Third primary school pupil dies from Strep A in last seven days

A third child of primary school age has died after contracting Strep A, health officials have confirmed today. 

The child attended St John’s School in Ealing, west London and their age has not yet been released.

This latest death follows two others across the UK in Wales and Surrey over the last seven days and has prompted health officials to issue warnings to parents asking them to be on the look-out for symptoms. 

Dr Yimmy Chow, health protection consultant at the UK Health Security Agency (UKHSA), said: “We are extremely saddened to hear about the death of a child at St John’s Primary School, and our thoughts are with their family, friends and the school community.

“Working with Ealing Council public health team, we have provided precautionary advice to the school community to help prevent further cases and we continue to monitor the situation closely.”

“Group A streptococcal infections usually result in mild illness but anyone with high fever, severe muscle aches, pain in one area of the body and unexplained vomiting or diarrhoea should call NHS 111 and seek medical help immediately.”

Dee Cartledge, The Founder of the Lee Spark Foundation who focus on severe streptococcal infections, including Group A Strep, said: “Parents need to be vigilant at this time of year and look out for the early signs which will be listed in letters sent out to schools.” 

What is Strep A? 

Group Strep A (GAS) – also known as Streptococcus pyogenes – are bacteria which can colonise the throat, skin and anogenital tract but most people do not develop any symptoms, says the NHS. 

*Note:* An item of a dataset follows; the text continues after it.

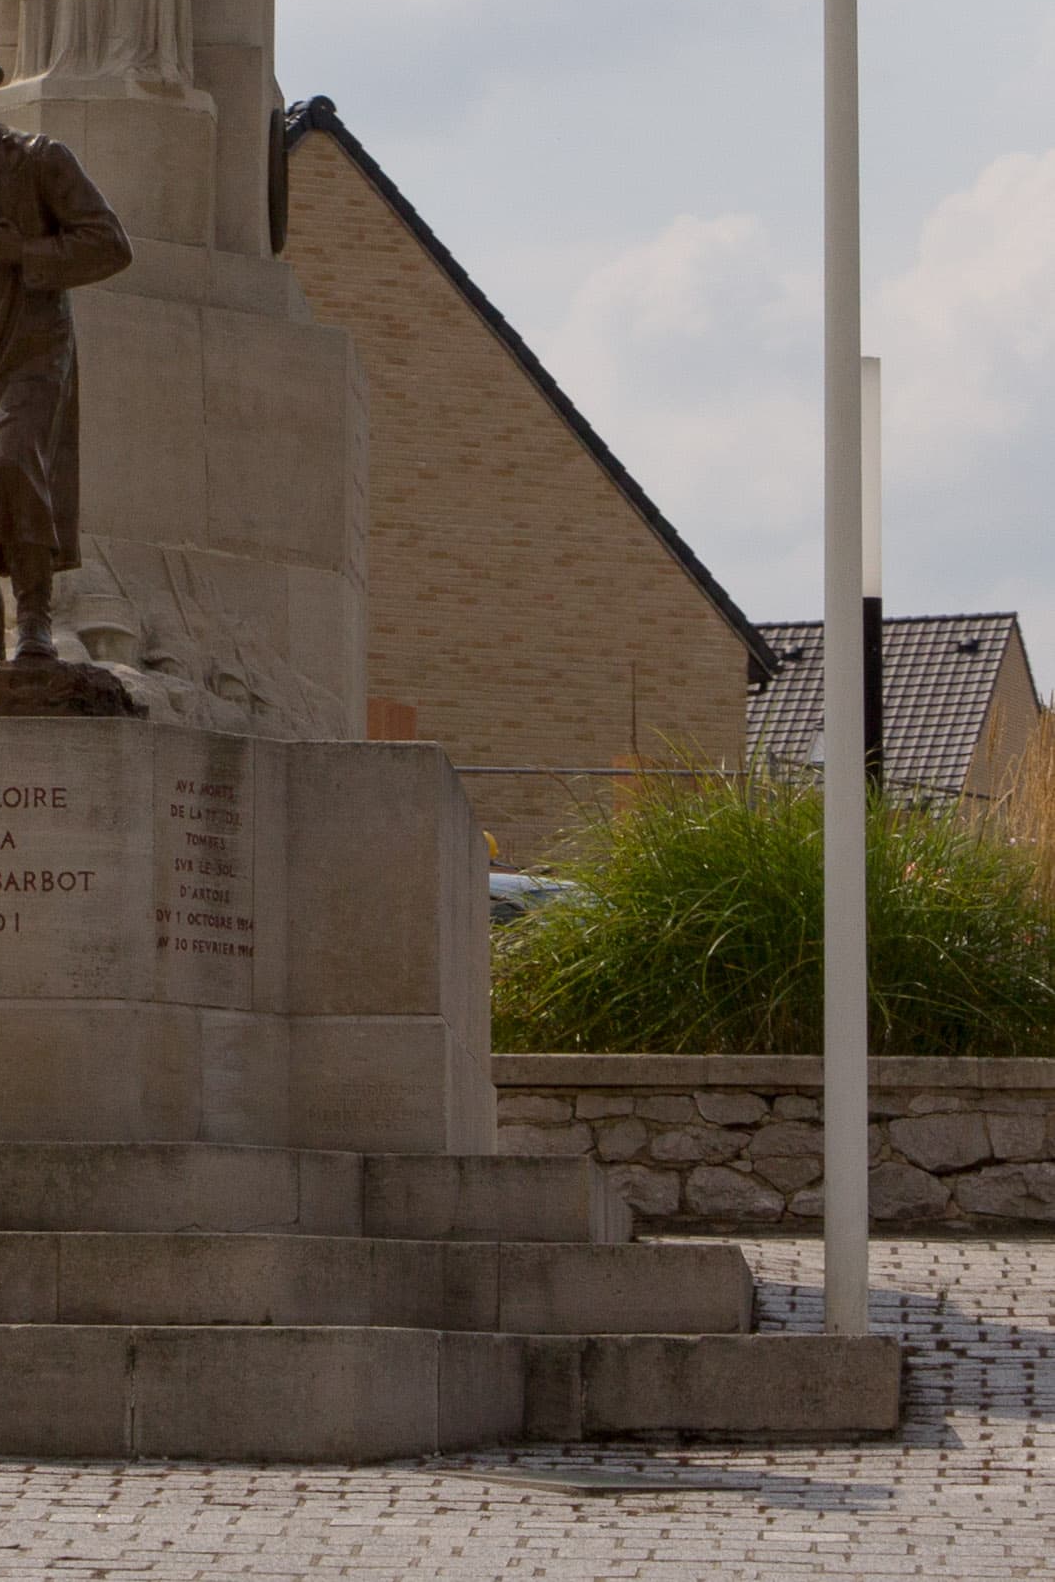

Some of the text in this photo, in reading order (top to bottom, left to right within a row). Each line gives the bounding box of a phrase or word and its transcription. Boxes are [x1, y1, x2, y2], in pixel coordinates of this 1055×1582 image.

[170, 803, 185, 819] DE
[189, 805, 202, 820] LA
[155, 908, 171, 923] DV
[187, 913, 233, 930] OCTOBRE

It can cause a diverse range of infections including tonsilitis and scarlet fever and symptoms include pain when swallowing, fever, swollen tonsils with white patches, swollen neck glands, a high temperature or a skin rash.

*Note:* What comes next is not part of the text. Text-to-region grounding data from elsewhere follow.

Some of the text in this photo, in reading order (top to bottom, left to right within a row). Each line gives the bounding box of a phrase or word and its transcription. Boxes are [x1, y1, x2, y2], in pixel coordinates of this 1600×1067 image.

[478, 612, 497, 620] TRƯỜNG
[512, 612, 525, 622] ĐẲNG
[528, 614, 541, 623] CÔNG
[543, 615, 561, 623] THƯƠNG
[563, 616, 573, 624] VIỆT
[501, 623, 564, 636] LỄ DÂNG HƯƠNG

Strep A is transmitted through coughs, sneezes, and skin-skin contact.

Those carrying the bacteria may have no symptoms, but are just as likely to pass on Strep A as those who have fallen ill.

Most cases of throat infection will get better on their own without treatment. Skin infections may require antibiotics.

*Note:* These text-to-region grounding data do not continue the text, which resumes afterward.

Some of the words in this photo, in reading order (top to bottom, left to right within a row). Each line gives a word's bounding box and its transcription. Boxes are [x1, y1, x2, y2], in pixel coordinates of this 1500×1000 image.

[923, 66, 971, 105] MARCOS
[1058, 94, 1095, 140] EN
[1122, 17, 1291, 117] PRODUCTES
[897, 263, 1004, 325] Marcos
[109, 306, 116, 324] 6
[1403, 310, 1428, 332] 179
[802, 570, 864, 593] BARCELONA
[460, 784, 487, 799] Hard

Health officials are understood to have seen a slight rise in cases of Strep A, which can cause scarlet fever, though deaths and serious complications from the infection are rare.

Beate Kampmann, Professor of Paediatric Infection & Immunity, London School of Hygiene and Tropical Medicine, said: “In very rare circumstances when the bacterium produces a toxin it can cause really serious illness such as heart inflammation, necrotising fasciitis, sepsis and  toxic shock with organ failure, and this unfortunately appears to have been the case of the tragic deaths of the young children.

“There is no vaccine-yet- but it usually responds well to simple antibiotics like Penicillin- except if a shock-like picture needs intensive care and all the support that comes with it.

“It is a very rare condition but it can evolve into a serious picture and if parents are concerned about their child looking very ill they should always promptly seek medical advice.”

Are we hypersensitive to the viruses after Covid?

According to UKHSA, the recent Strep A outbreak is rare.

The UKHSA’s most recent report, updated on 20 September, on strep A infections showed the recent levels were below average compared to the past four seasons, and the increase was following the usual seasonal patterns. 

Weekly scarlet fever notifications in England, 2017 to 2018 onwards Source: UK Health Security Agency

UKHSA said: “While increases in severe presentations in children have not been seen so far this season, it remains important that scarlet fever cases are treated promptly with antibiotics to limit further spread, and reduce risk of potential complications in cases and household contacts.”

The UKHSA advice is those who contract the infection should isolate themesleves from nursery, school or work for at least 24 hours after they start antibiotic treatment.